I sometimes use drywall compound. Usually though, since I caulk between the baseboards, other trim and walls/ceilings I have a caulking gun going and just fill them with caulk if they are to be painted as I go along. 

Prime over anything but wood filler on wood to be stained of course.


----------



## ltd (Jan 16, 2011)

i like to use a product called ready patch its a very dense spacek press in in with flexible putty knife then scrape clean let dry then,once over with fine sand paper prime and paint .for corners and gapes use a quality paintable caulk


----------



## beachfront71 (Jan 22, 2011)

Thanks,

I have been using caulk but on areas that are eye level you can see all the holes that were filled.. I am trying painters putty right not but have not painted over it yet .

The biggest / toughest is getting the outside corners nice so they look good and handle any traffic that may bump them ..


----------



## jsheridan (Jan 30, 2011)

I use a lightweight vinyl spackle on holes, it has the consistency of thick shave cream. Press it in with your finger, overfill the hole. When it's dry sand it smooth. Dries quick, sands easily, looks great when finished. As to outside corners, anything but caulk will usually crack, though it's worth a shot to try the lightweight. 

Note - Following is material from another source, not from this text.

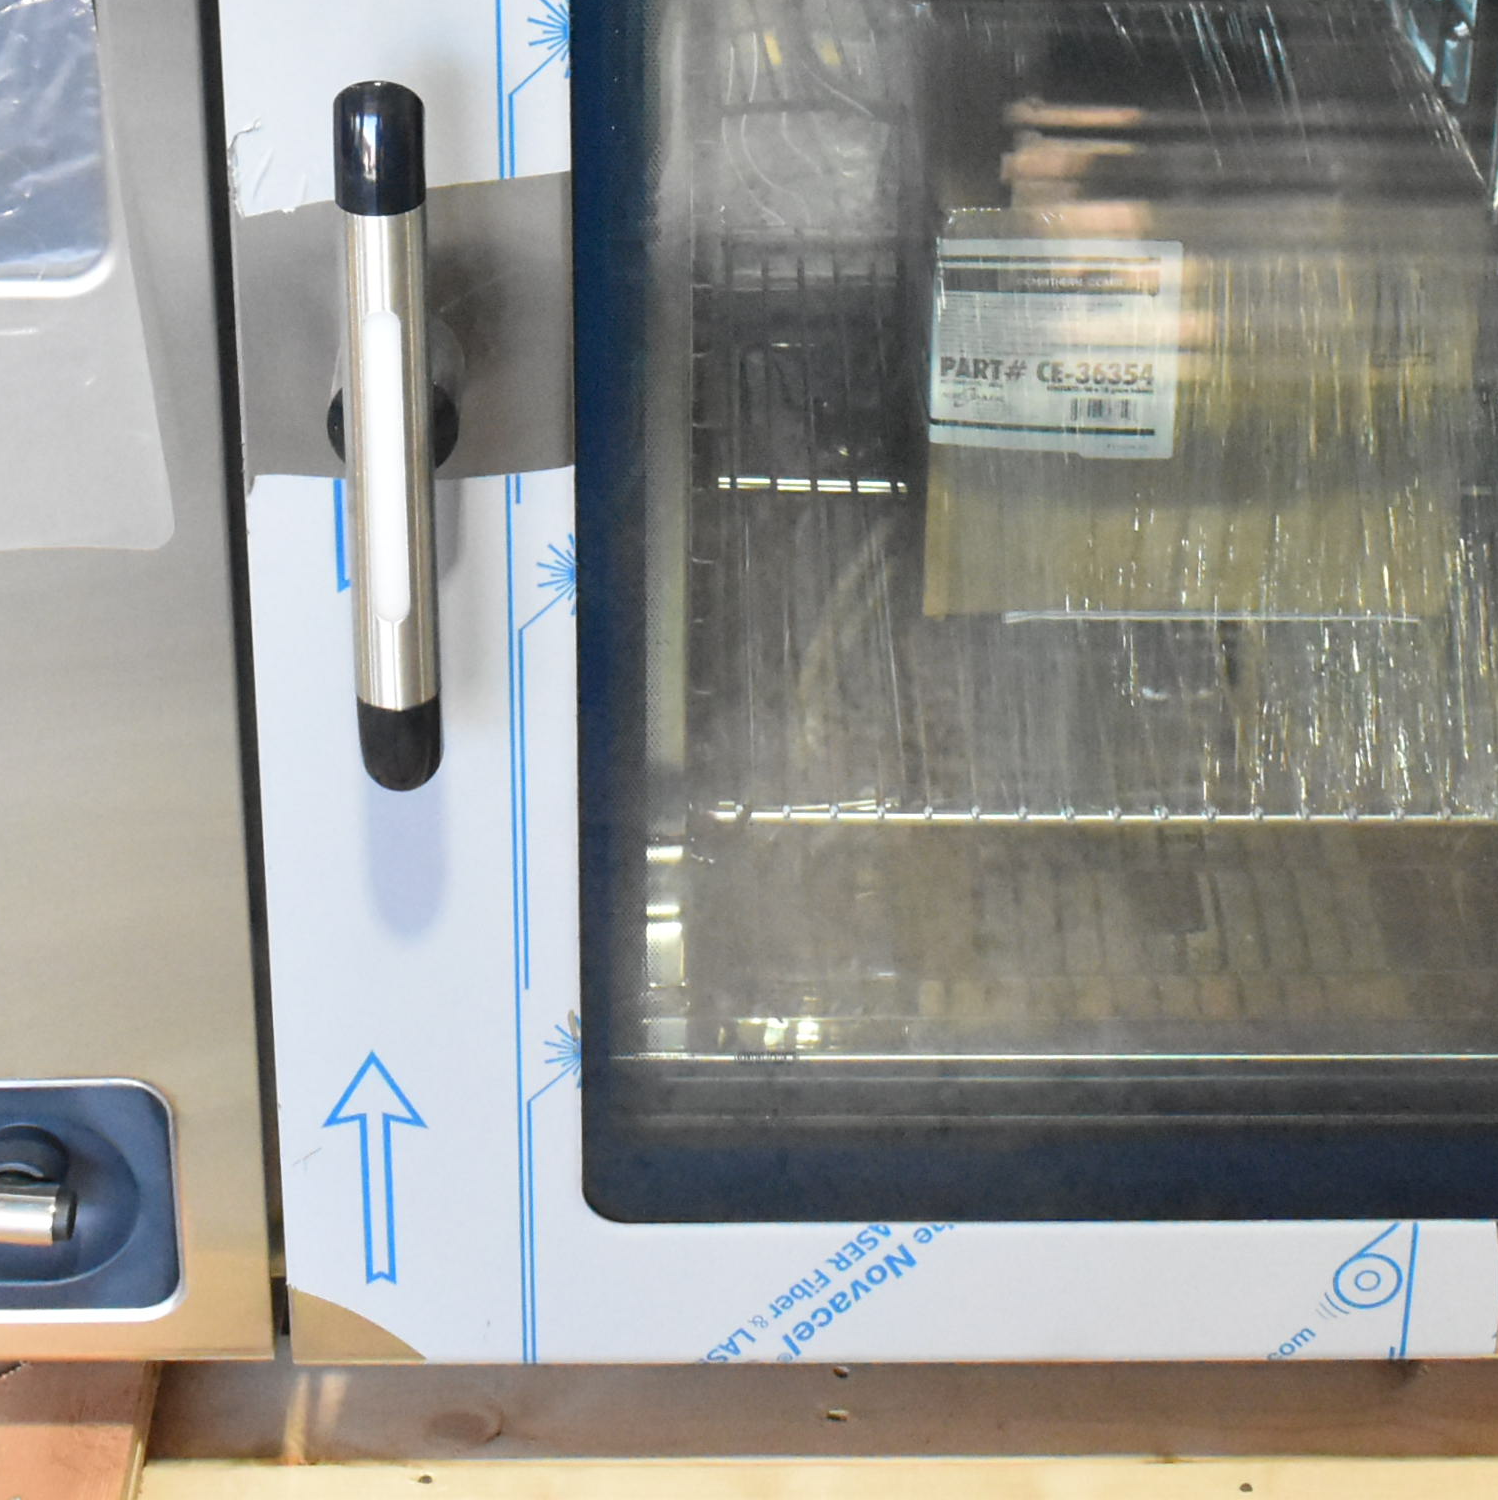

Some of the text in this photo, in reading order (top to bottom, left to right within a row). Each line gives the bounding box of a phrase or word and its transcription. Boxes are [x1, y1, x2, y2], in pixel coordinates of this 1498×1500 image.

[940, 356, 1155, 386] PART# CE-36354
[749, 1268, 831, 1328] Fiber &

Sdsester, what does your last sentence mean? "Prime over anything but wood filler on wood to be stained of course."


----------



## risco (Apr 5, 2013)

Jsheridan...what exactly is the product called that you use? Where do you get it?


----------



## princelake (Feb 19, 2012)

i use miter bond or 2p-10 for my outside corners. you glue the pieces together first make the joint perfect then nail it on. you will need next to no putty or fill just paint. for the nail holes use poly fill or a glazing putty. i also caulk top of the base and inside corners then paint it all.


----------



## joecaption (Nov 30, 2011)

Inside corners should have been coped so there was no gaps.
Outside corners can be tapped with a hammer to round them over and sanded so there is no gap.
Painters puddy or Fast and Final works for me.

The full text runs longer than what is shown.